WORK ITEM: Before you return the lines below, strip out any images and keep every word as written.

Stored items
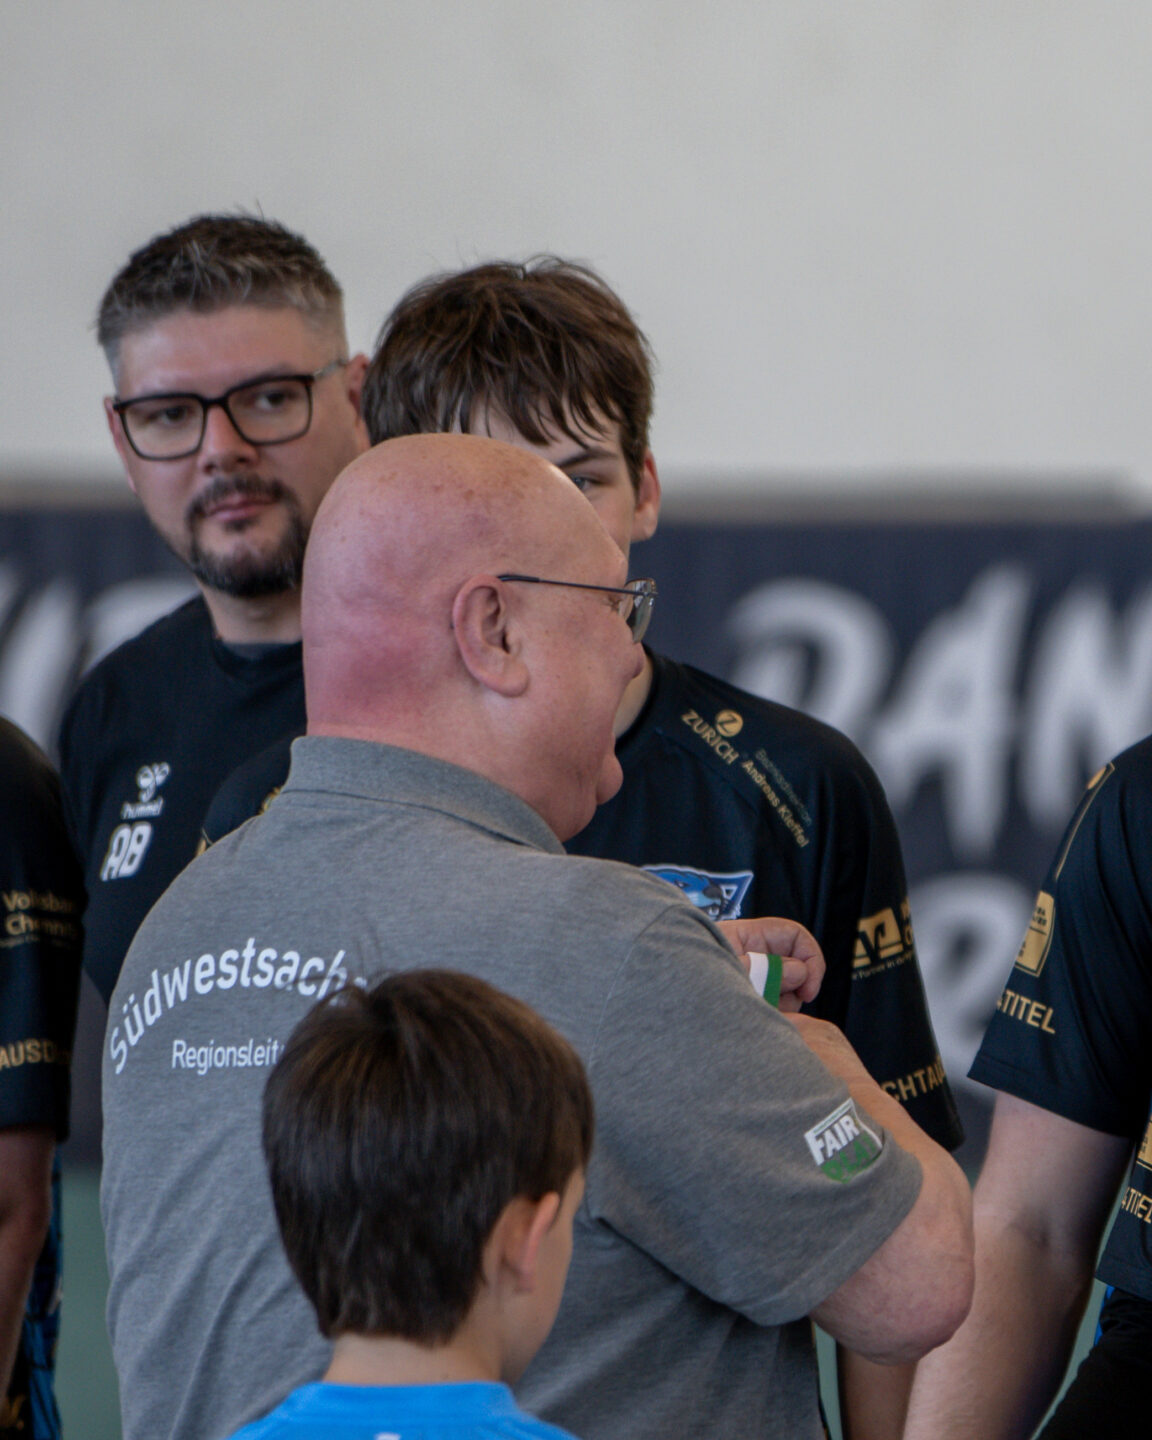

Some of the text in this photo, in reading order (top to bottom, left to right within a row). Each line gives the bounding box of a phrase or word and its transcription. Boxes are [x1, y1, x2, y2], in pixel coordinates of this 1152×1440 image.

[681, 708, 740, 765] ZURICH
[121, 799, 163, 820] hummel
[101, 821, 153, 882] AB
[108, 936, 367, 1076] Südwestsach
[171, 1038, 285, 1076] Regionsleit
[803, 1112, 861, 1167] FAIR
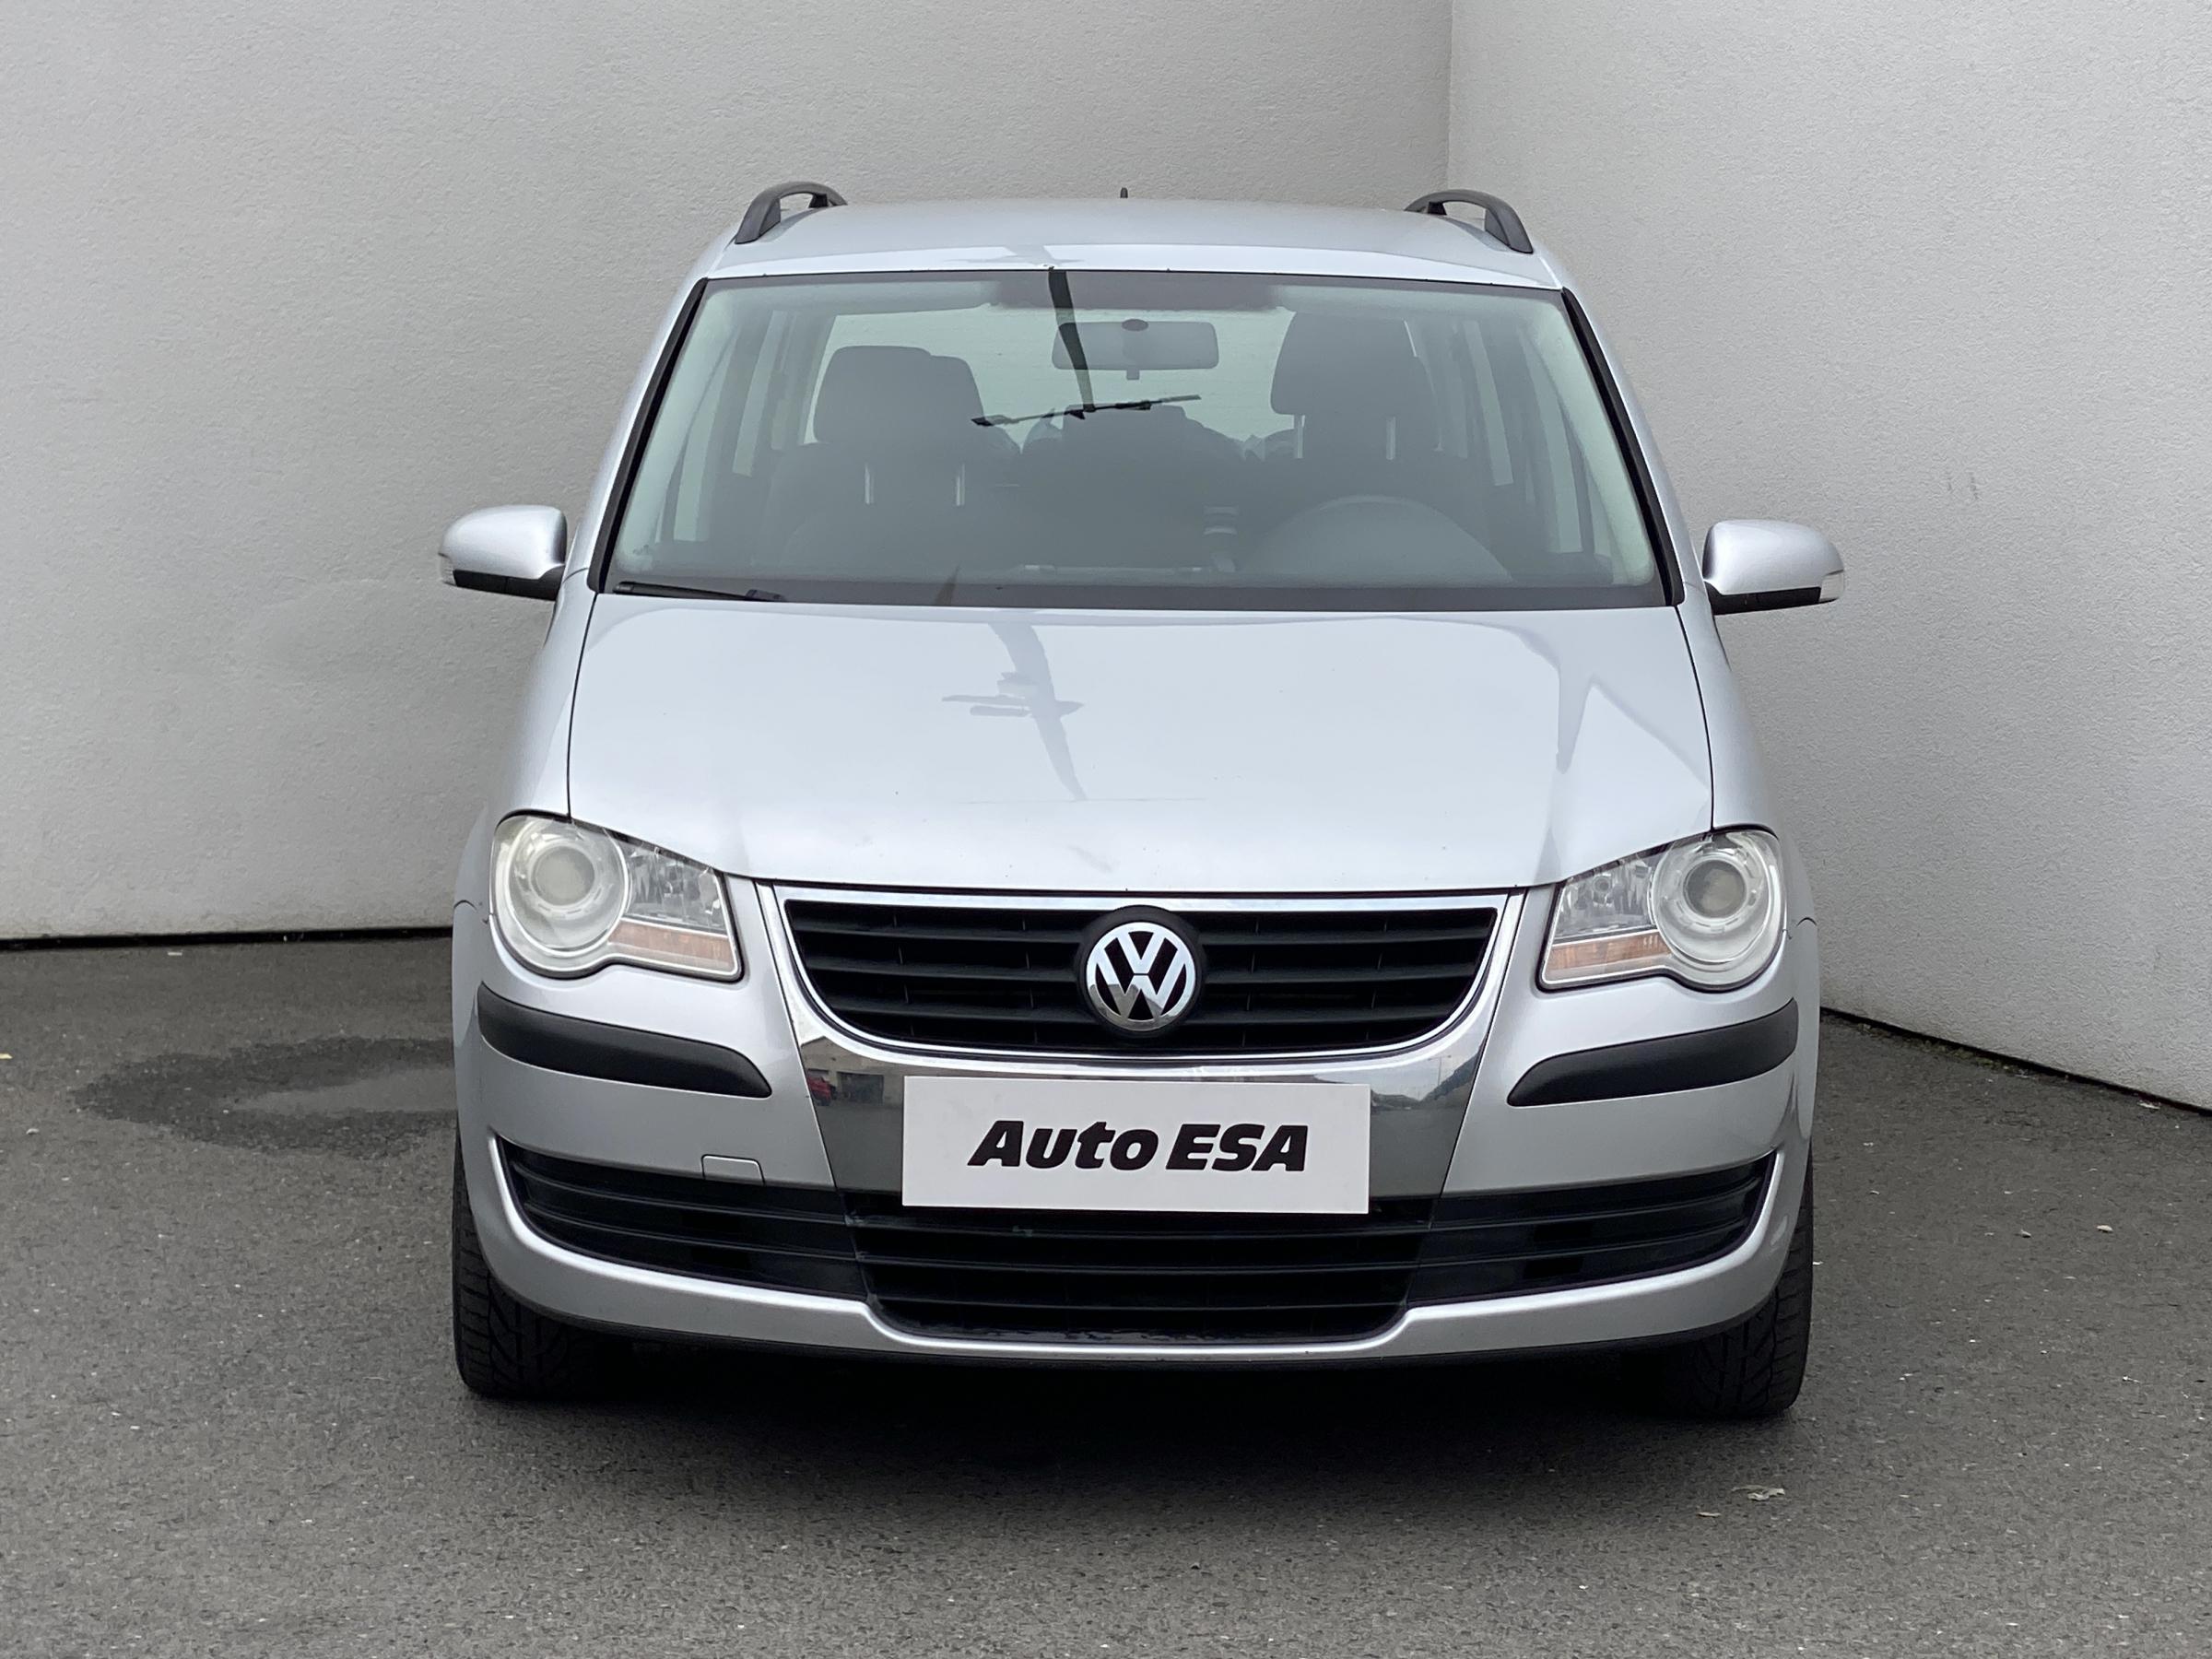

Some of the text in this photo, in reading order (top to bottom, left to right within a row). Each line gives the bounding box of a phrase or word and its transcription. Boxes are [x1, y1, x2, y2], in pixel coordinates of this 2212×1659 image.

[1088, 923, 1194, 1030] VW
[967, 1120, 1309, 1172] Auto ESA

RESPONSE:
Some of the text in this photo, in reading order (top to bottom, left to right within a row). Each line gives the bounding box of a phrase or word and its transcription. Boxes are [x1, y1, x2, y2], in pixel coordinates of this 1152×1440 image.

[681, 708, 740, 765] ZURICH
[121, 799, 163, 820] hummel
[101, 821, 153, 882] AB
[108, 936, 367, 1076] Südwestsach
[171, 1038, 285, 1076] Regionsleit
[803, 1112, 861, 1167] FAIR

Some of the text in this photo, in reading order (top to bottom, left to right within a row). Each line gives the bounding box of a phrase or word and its transcription. Boxes are [x1, y1, x2, y2], in pixel coordinates of this 2212×1659 image.

[1088, 923, 1194, 1030] VW
[967, 1120, 1309, 1172] Auto ESA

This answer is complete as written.